“Everyone knows the rules at Collingwood: if you racially vilify anybody, it’s zero tolerance. You’re out.” – Eddie McGuire, Collingwood president
WHEN the well-known Daily Show comedian, John Oliver, visited Australia earlier this year to make a series of clips on the issue of gun control, he used some of the material he had gathered for his regular podcast as well.
One statement cut through – Australians are comfortable about racism. And very specific about whom they are racist towards.
That sense of comfort has been underlined over the last week. Adam Goodes, an Australian rules footballer of Aboriginal descent, was called an ape by a 13-year-old fan of the Collingwood club. Collingwood was at the receiving end of a thrashing in a game played in Melbourne, and Goodes was one of those who was really handing it out on the field.
For his efforts, he had to put up with a racial insult.
The president of the club, Eddie McGuire, made a big show of apologising, and painting himself as a man against racism.
On Wednesday (May 29), McGuire, a man who wears many hats, suggested on a radio show which he hosts that Goodes should be used in an advertisement for King Kong.
King Kong if, of course, a big ape. And McGuire has made it clear that he associates Goodes with an ape. Nothing more needs to be said.

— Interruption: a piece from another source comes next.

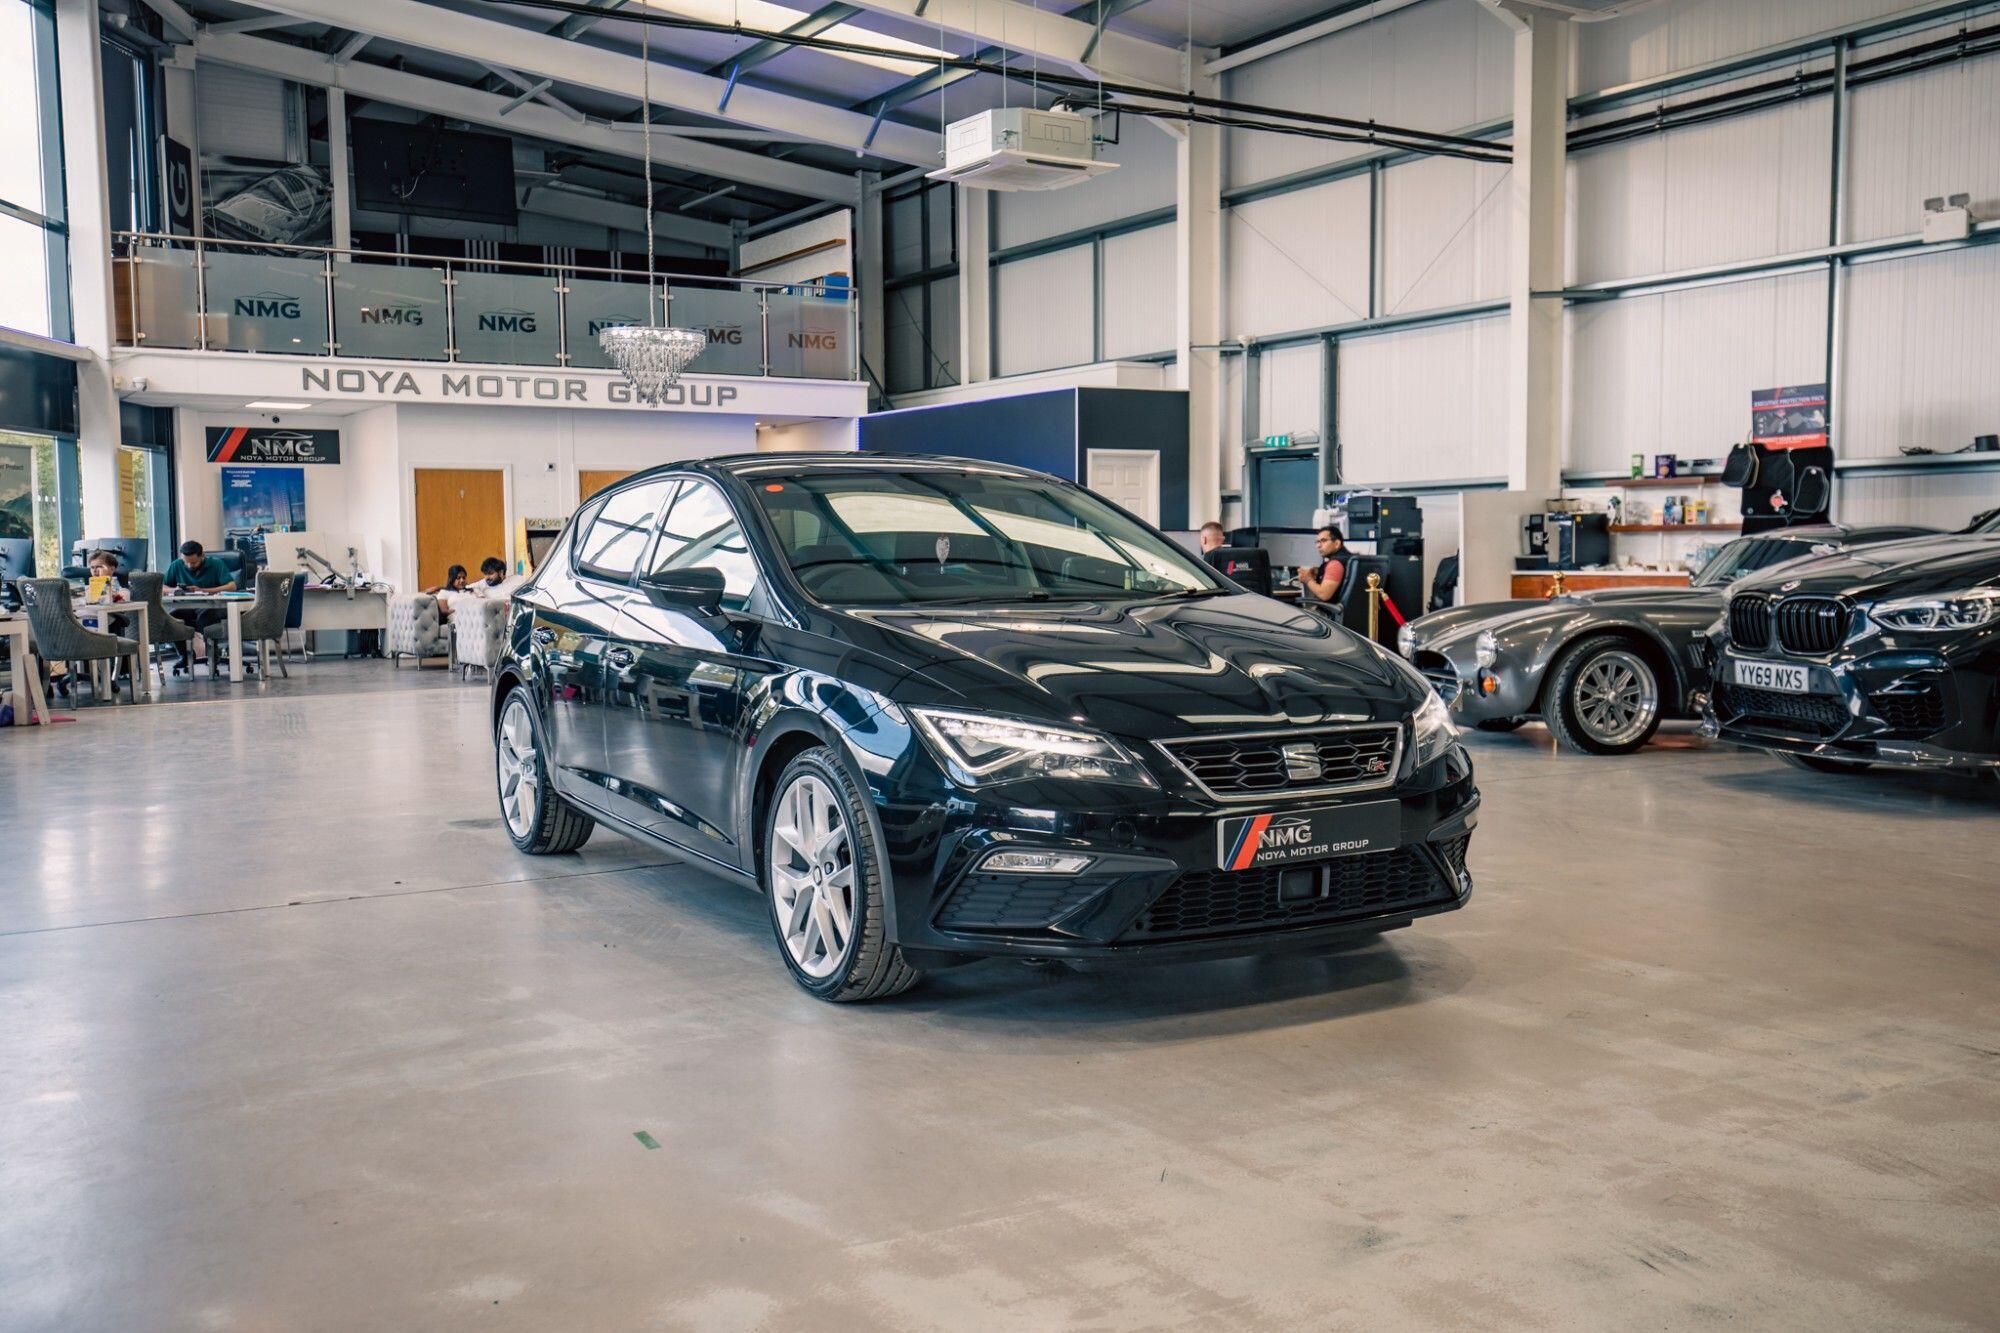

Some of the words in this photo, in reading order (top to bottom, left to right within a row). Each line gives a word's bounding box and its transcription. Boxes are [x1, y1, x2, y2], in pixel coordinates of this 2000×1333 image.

We can protest till we are blue in the face that we are not this or that as far as our attitudes go. But it is only what is inside us that comes out. And it tells the world who we really are.
McGuire is now trying his level best to extricate himself from the situation in which he has landed himself. Of course, he won’t quit. Like all white people who indulge in casual racism, he will lie low, pretend to be sorry and move on.
The problem with casual racism is that those against whom it is directed do not react strongly enough. As one writer, Sam de Brito, has pointed out, if there were serious consequences, then people would be careful about what they said.
But in Australia, one can indulge in the most vile racism and get away with it. The entrenched racism is a hallmark of society.
The Australian Football League will put McGuire through its racial and religious vilification process. It is doubtful that it will change anything in McGuire’s make-up.
By his statement, McGuire has made it clear to all and sundry that he is another one of those closet racists. Now that is clear, we know what to expect from the man in the future.